PROBLEM TO WORK ON => Leaving the pictures aside, return all of the data below exactly.

STUDY MATERIAL =>

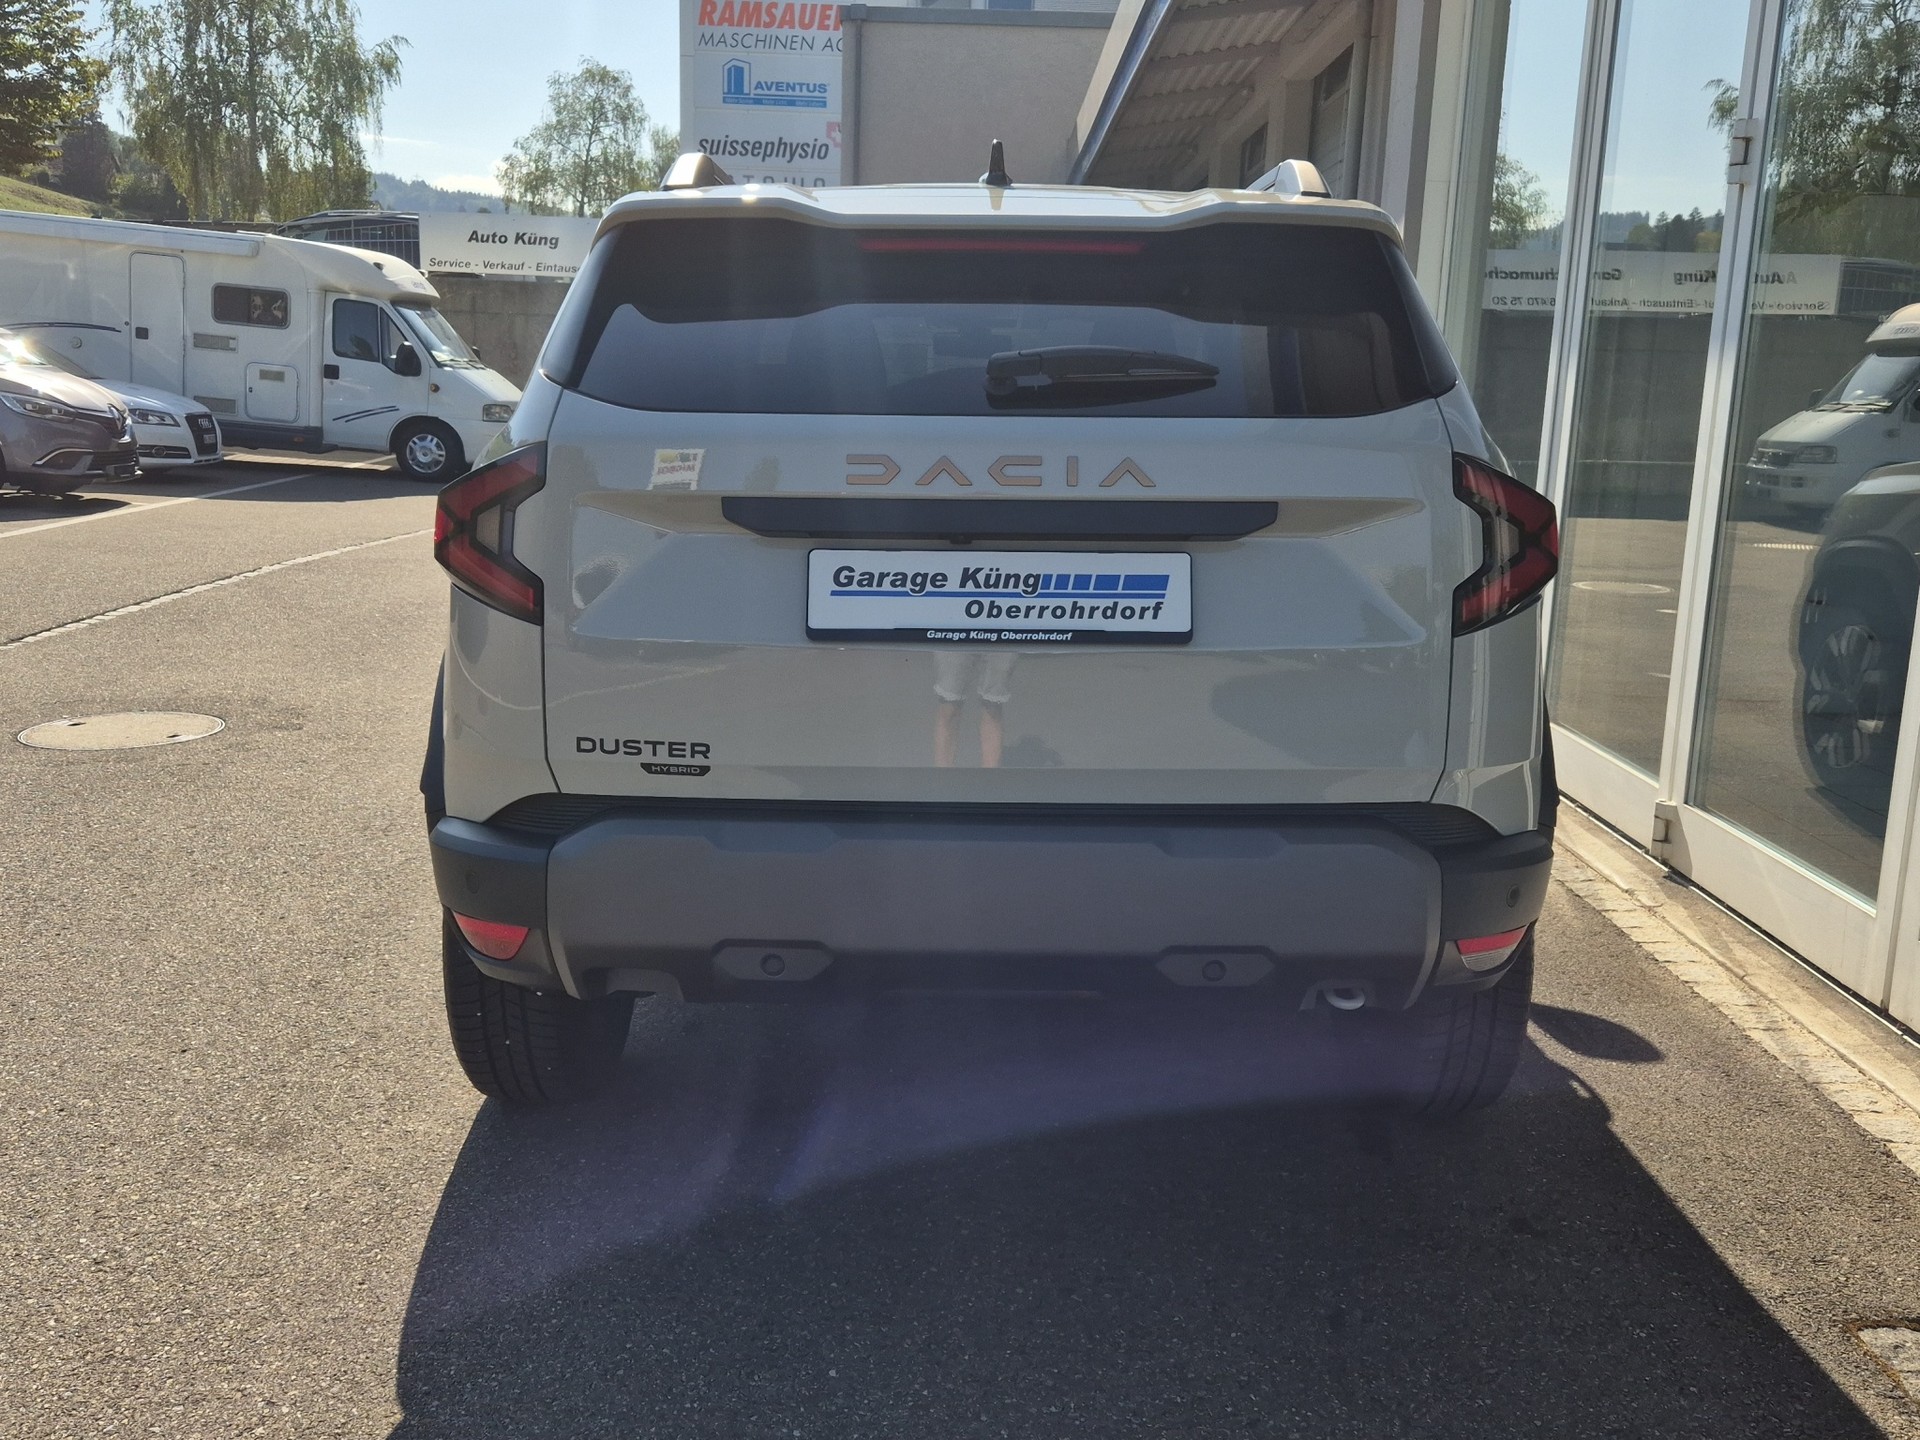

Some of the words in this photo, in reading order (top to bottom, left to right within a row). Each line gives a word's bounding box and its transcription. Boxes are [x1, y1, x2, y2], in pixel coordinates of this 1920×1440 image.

[698, 32, 814, 50] MASCHINEN
[754, 81, 828, 94] AVENTUS
[697, 135, 829, 163] suissephysio
[467, 230, 508, 244] Auto
[514, 232, 559, 249] Küng
[429, 258, 471, 269] Service
[483, 260, 525, 271] Verkauf
[846, 454, 1156, 487] DACIA
[832, 565, 948, 595] Garage
[959, 566, 1042, 595] Küng
[965, 600, 1164, 620] Oberrohrdorf
[926, 630, 967, 642] Garage
[969, 630, 998, 642] Küng
[1000, 631, 1073, 642] Oberrohrdorf
[576, 737, 711, 759] DUSTER
[651, 765, 701, 774] HYBRID

ANSWER =>
Some of the words in this photo, in reading order (top to bottom, left to right within a row). Each line gives a word's bounding box and its transcription. Boxes are [x1, y1, x2, y2], in pixel coordinates of this 1920×1440 image.

[698, 32, 814, 50] MASCHINEN
[754, 81, 828, 94] AVENTUS
[697, 135, 829, 163] suissephysio
[467, 230, 508, 244] Auto
[514, 232, 559, 249] Küng
[429, 258, 471, 269] Service
[483, 260, 525, 271] Verkauf
[846, 454, 1156, 487] DACIA
[832, 565, 948, 595] Garage
[959, 566, 1042, 595] Küng
[965, 600, 1164, 620] Oberrohrdorf
[926, 630, 967, 642] Garage
[969, 630, 998, 642] Küng
[1000, 631, 1073, 642] Oberrohrdorf
[576, 737, 711, 759] DUSTER
[651, 765, 701, 774] HYBRID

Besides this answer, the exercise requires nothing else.